Aqui vive-se o momento, não há futuro, não há sonhos. A felicidade é o elemento vital da estabilidade social. Não há mães, pais, maridos e amantes, famílias – essas obscenidades. Não há lares. Ninguém chora perante a morte ou a perda das paixões violentas. Não há amor.

“O mundo estava cheio de pais e, por consequência, cheio de miséria; cheio de mães e, por consequência, de toda a espécie de perversões, desde o sadismo até à castidade; cheio de irmãos, de irmãs, de tios, de tias – cheio de loucura e suicídio”, diz Mustapha Mond, um dos dez administradores da ordem mundial.

“Os indivíduos que governam o 'Admirável Mundo Novo’ podem não ser sãos de espírito, mas não são loucos, e o seu fim não é a anarquia, mas a estabilidade social”, explica Huxley no prefácio à obra, em 1946.

Desses indivíduos produzidos em série há um, Bernard Marx, de casta Alfa-Mais, que se recusa a tomar o soma (o antídoto da estabilidade). Na vertigem de uma súbita consciência do seu eu, parte com Lenina Crowne para uma Reserva no Novo México, o último reduto do planeta onde ainda há amor. No regresso, depois do contacto com “os horrores” dos incivilizados, decidem trazer um rapaz, o Selvagem, e mostrá-lo ao mundo novo. Mas as coisas não correm bem: o rapaz não aceita que, neste mundo, não haja Deus, nem Shakespeare; não aceita que as mulheres não se casem com os homens, que o sexo seja a mera satisfação dos desejos; não aceita que se viva assim, alheado do mundo, imerso na sonolência da História.

As escolhas da civilização
“Venho trazer-lhes liberdade”, diz o Selvagem quando irrompe pela sala de distribuição de soma.
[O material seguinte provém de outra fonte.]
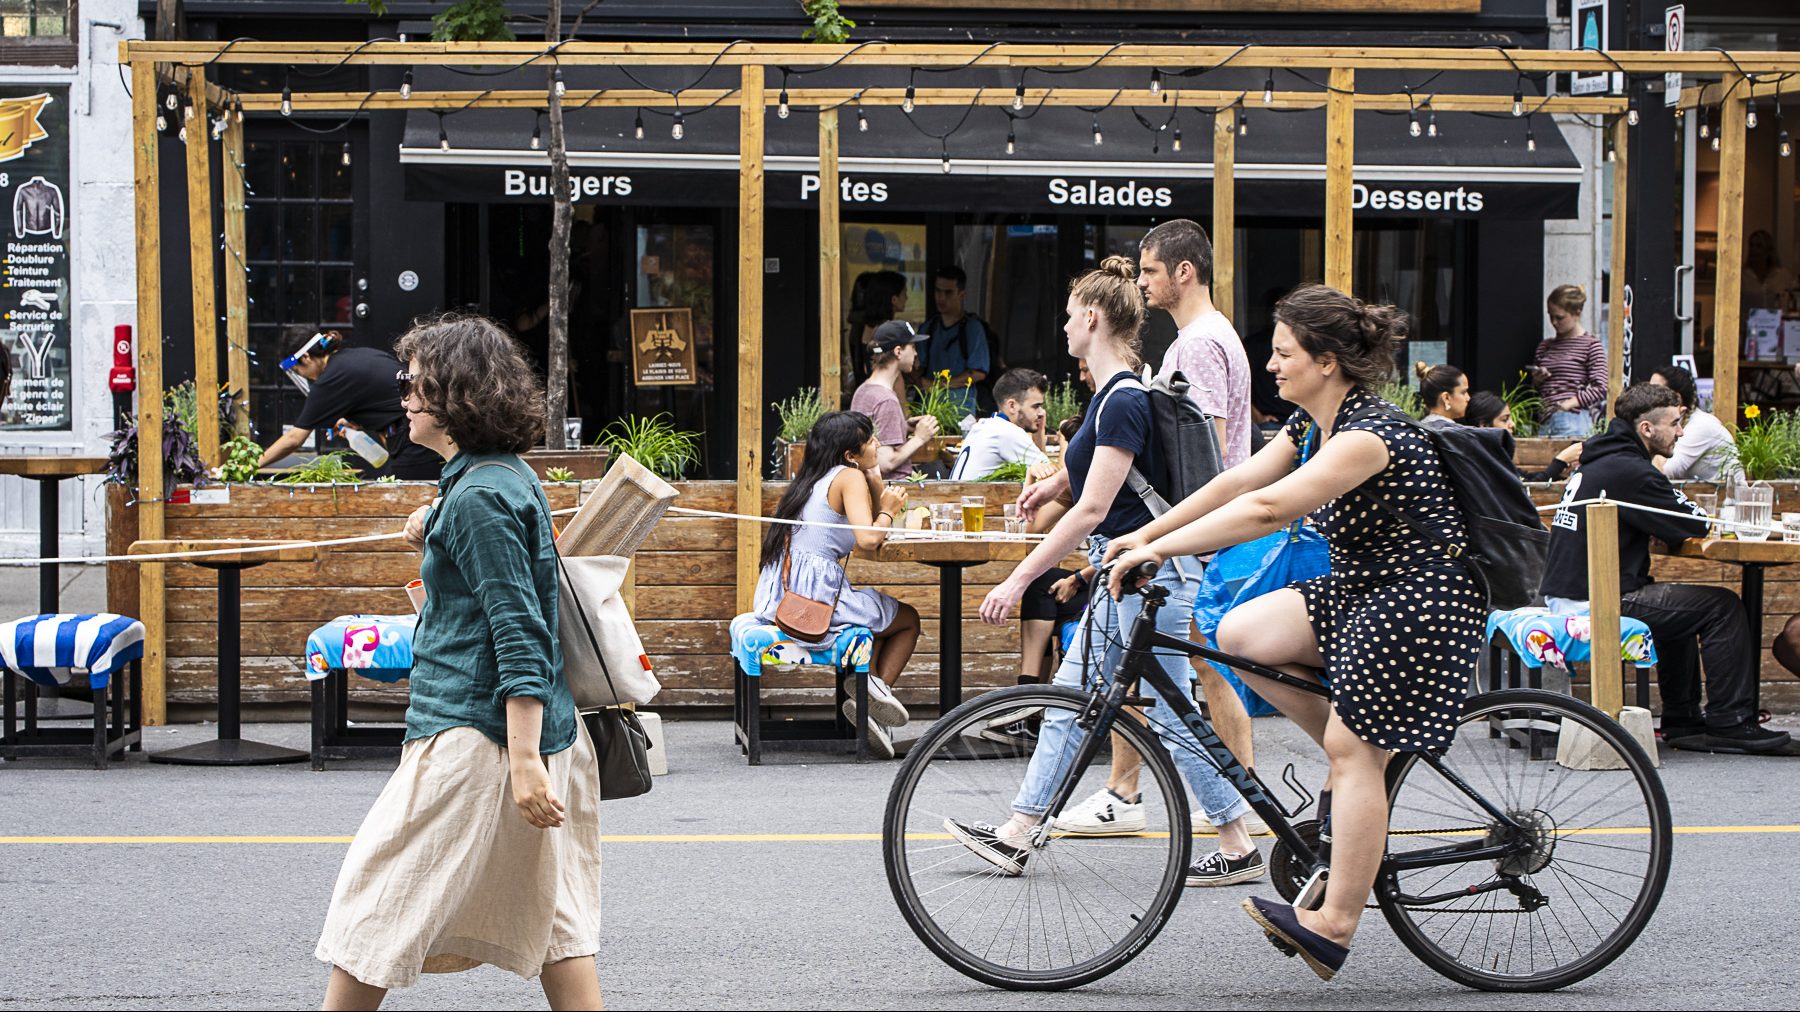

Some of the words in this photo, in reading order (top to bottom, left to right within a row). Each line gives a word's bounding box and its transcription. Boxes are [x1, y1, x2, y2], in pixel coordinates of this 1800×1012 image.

A indignação é geral – as pessoas nunca poderão compreender por que dá aquele homem bizarro tamanho espectáculo por dois gramas de soma.

O “soma”, a pílula da felicidade, é a droga sedativa da civilização, a âncora a que todos se agarram quando querem esquecer os problemas, e o Selvagem recusa-se a embarcar no consolo da imbecil felicidade universal.

“Não quero conforto. Quero Deus, quero a poesia, quero o autêntico perigo, quero a liberdade, quero bondade, quero o pecado”, diz o Selvagem. “Você reclama o direito de ser infeliz”, responde-lhe o administrador.

Assim seja. Mas neste mundo, Deus e a Arte não são compatíveis com a felicidade dos homens. Estamos no último patamar da ciência: a juventude e a prosperidade são as palavras de ordem. A mudança, como revolução, é subversiva, por isso, evitada.

“Deus não é compatível com as máquinas, a medicina científica e a felicidade universal. É preciso escolher. A nossa civilização escolheu as máquinas, a medicina e a felicidade”, diz o administrador.

No confronto entre o Selvagem e o mundo novo – ou entre o homem e a máquina – é preciso, de facto, escolher: viver perigosamente à mercê da angústia da civilização ou dominado pelo autoritarismo dos estados.

Em 1931, Huxley não sabia o que seria o futuro. Mas, 70 anos depois, os medos que durante a segunda metade do século XX assombraram as consciências dos homens, diz Huxley, poderão vir a ser uma realidade. “É provável que todos os governos do mundo venham a ser mais ou menos totalitários”, escreve, no prefácio. “Só um movimento popular em grande escala, tendo em vista a descentralização e o auxílio individual, poderá travar a actual tendência para o estatismo.”

O Selvagem escolheu o homem, mas acabou trucidado pela obsessão dos curiosos, como num inevitável espectáculo de televisão. Não foi possível aguentar a pressão do mundo contemporâneo, onde todos passam pela vida ao de leve, sem deixar rasto, em nome da estabilidade social, do trabalho e do poder da máquina – em nome de quem? No “Admirável Mundo Novo”, os nossos sonhos e as nossas esperanças foram domesticados, controlados, medicados. Os outros tomaram conta de nós. E nunca mais saberemos o que é o amor.